NVIDIA, the company that invented the GPU which is now at the core of many AI and deep learning applications – launched this week its new product called “Metropolis.” According to the company, Metropolis enables customers to put AI behind every surveillance camera.

There are currently hundreds of millions of surveillance cameras worldwide, this according to NVIDIA. The company projected that by 2020, the number of surveillance cameras will rise to approximately 1 billion. Only a fraction of the world’s surveillance footages is monitored by humans, with most of the data stored for future use.

NVIDIA’s Metropolis uses deep learning in cameras, on-premises video recorders and servers, and in the cloud.
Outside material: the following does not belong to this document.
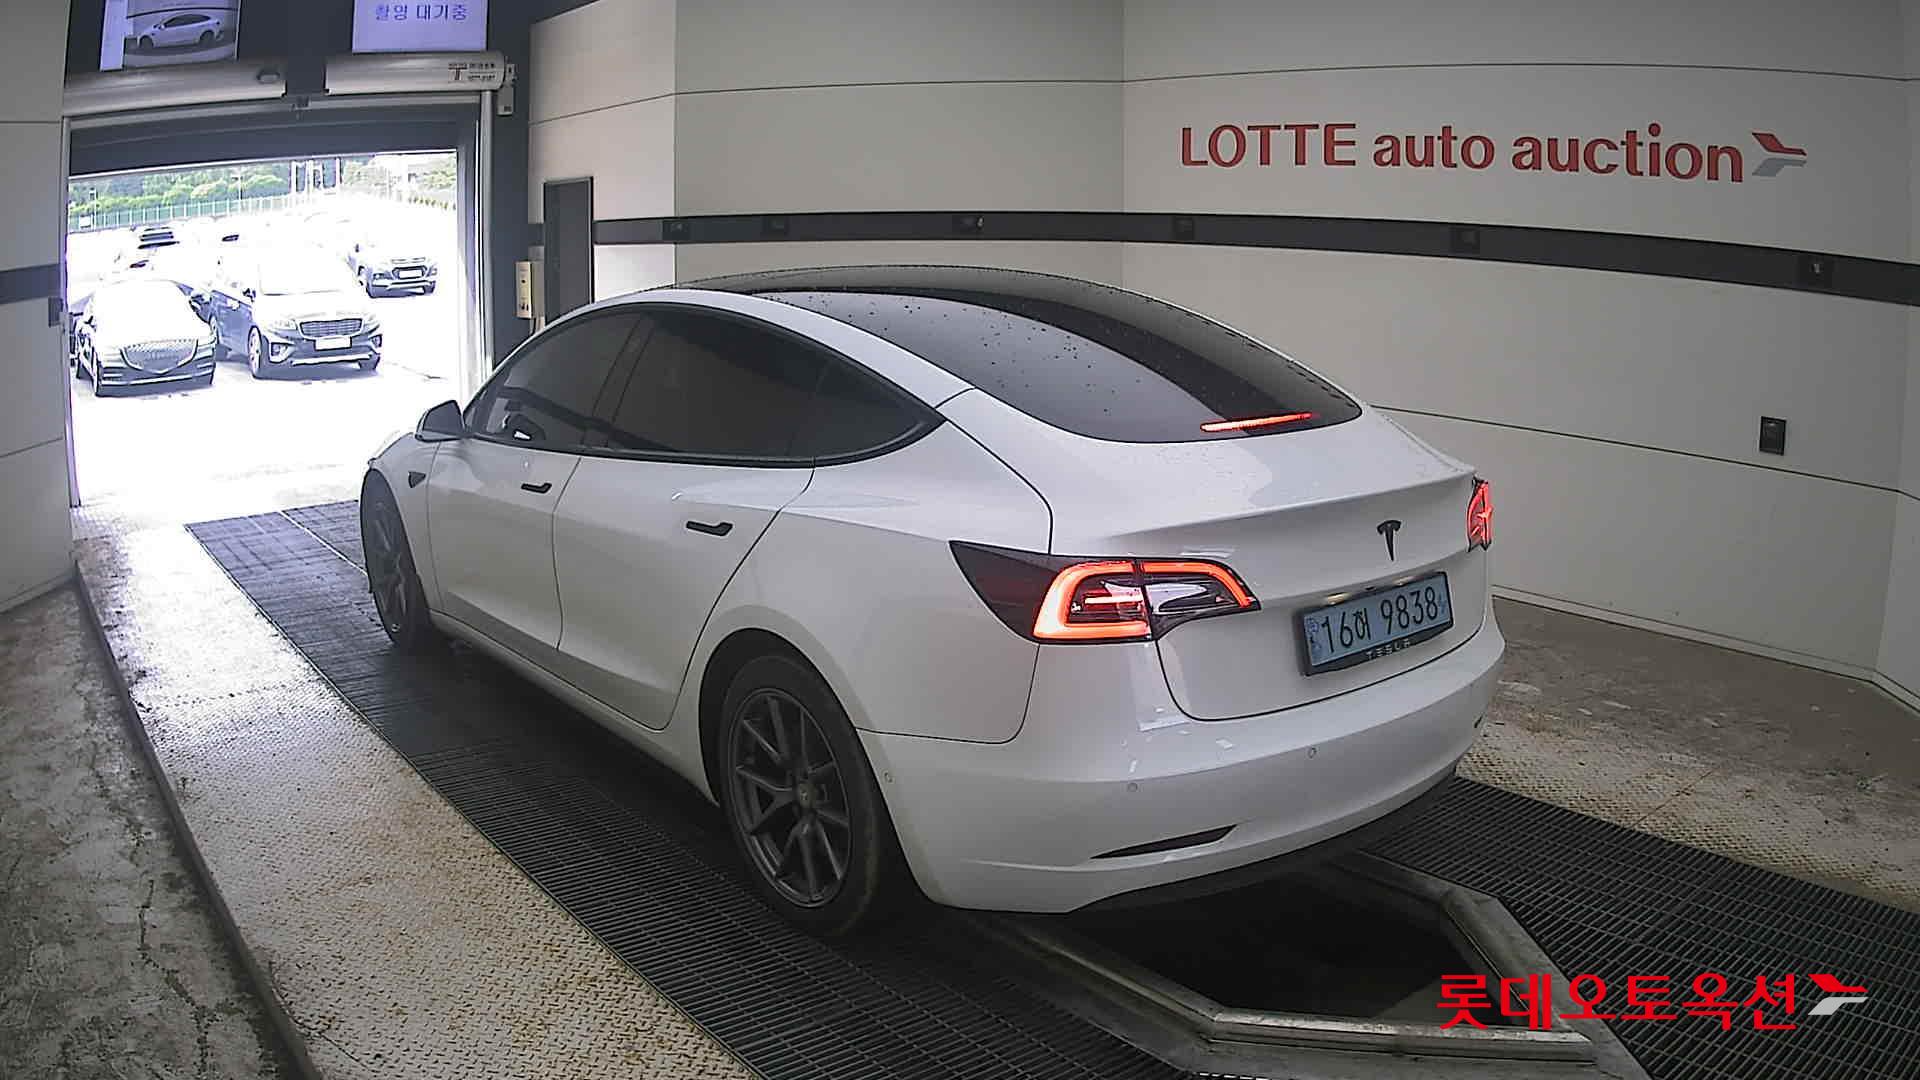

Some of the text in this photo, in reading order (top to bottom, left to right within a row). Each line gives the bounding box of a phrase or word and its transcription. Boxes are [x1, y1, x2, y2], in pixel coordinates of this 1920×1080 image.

Deepu Talla, vice president and general manager of the Tegra business at NVIDIA, said, “The NVIDIA Metropolis platform enables customers to put AI behind every video stream to create smarter cities.”

Putting Metropolis behind every surveillance camera requires partnership with the makers of security cameras. To date, NVIDIA has partnered with 50 companies that make surveillance cameras, including Hikvision, Avigilon, Dahua, Hanwha Techwin, and Milestone.

“NVIDIA’s end-to-end Metropolis platform can be applied to video streams to create smarter and safer applications for a variety of industries – from transportation to commercial,” said Shiliang Pu, president at Hikvision Research Institute.

In recent years, GPU-powered deep learning fuelled the progress of modern AI, with GPU’s acting as the brain of self-driving cars and robots. Graphic Processing Units, by design, support parallel computing and support matrix and vector operations that are prevalent to deep learning. Andrew Ng, co-founder of Google Brain and VP at Baidu, has stated that using GPUs in deep learning systems speeds up the process by about 100 times.